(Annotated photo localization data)
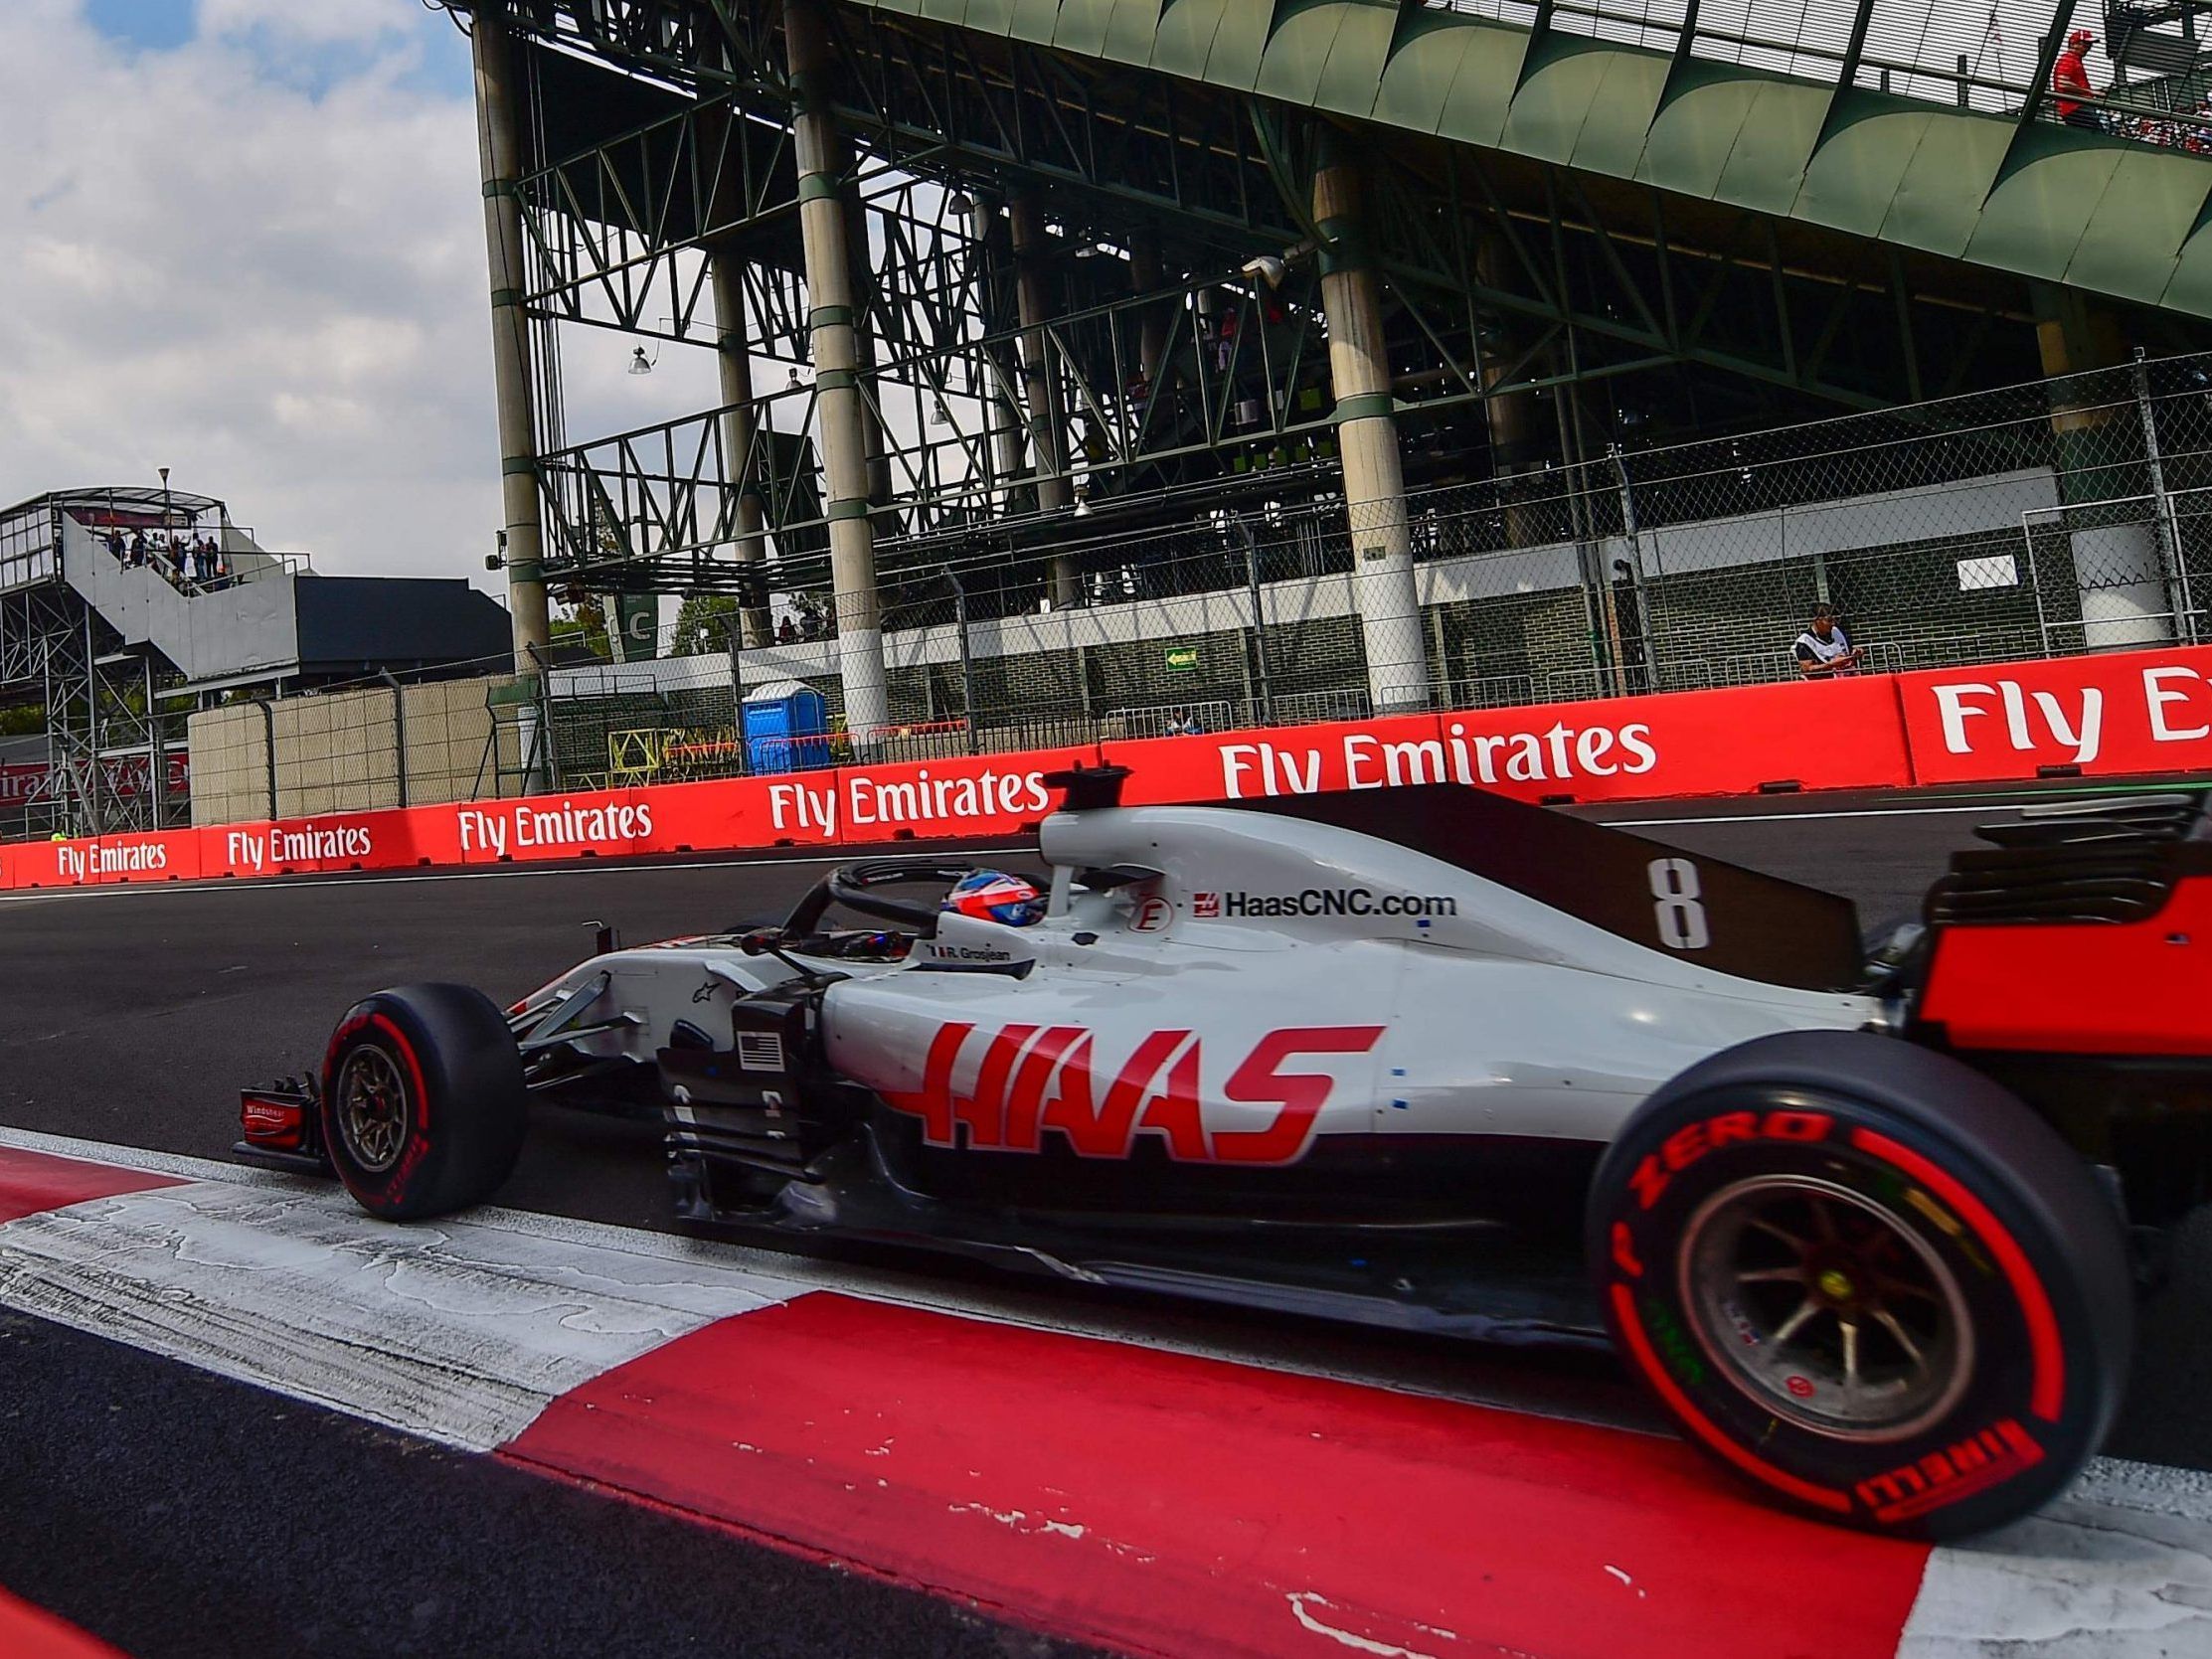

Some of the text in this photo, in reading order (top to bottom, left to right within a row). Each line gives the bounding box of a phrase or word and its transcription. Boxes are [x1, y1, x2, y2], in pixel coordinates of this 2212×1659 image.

[629, 611, 651, 640] C
[1931, 666, 2212, 763] Fly E
[1218, 720, 1657, 799] Fly Emirates
[457, 800, 654, 857] Fly Emirates
[768, 768, 1050, 838] Fly Emirates
[58, 840, 167, 881] Fly Emirates
[228, 824, 372, 872] Fly Emirates
[1224, 888, 1457, 918] HaasCNC.com
[1646, 857, 1710, 949] 8
[946, 946, 1010, 962] R. Grosjean
[877, 1022, 1388, 1166] HAAS
[1627, 1109, 1836, 1212] ZERO
[1855, 1417, 2047, 1525] PIRELLI

Exercise details - Return the lines of the data above in full and exactly, with no pictures.

Task response -
Some of the text in this photo, in reading order (top to bottom, left to right within a row). Each line gives the bounding box of a phrase or word and its transcription. Boxes are [x1, y1, x2, y2], in pixel coordinates of this 2212×1659 image.

[629, 611, 651, 640] C
[1931, 666, 2212, 763] Fly E
[1218, 720, 1657, 799] Fly Emirates
[457, 800, 654, 857] Fly Emirates
[768, 768, 1050, 838] Fly Emirates
[58, 840, 167, 881] Fly Emirates
[228, 824, 372, 872] Fly Emirates
[1224, 888, 1457, 918] HaasCNC.com
[1646, 857, 1710, 949] 8
[946, 946, 1010, 962] R. Grosjean
[877, 1022, 1388, 1166] HAAS
[1627, 1109, 1836, 1212] ZERO
[1855, 1417, 2047, 1525] PIRELLI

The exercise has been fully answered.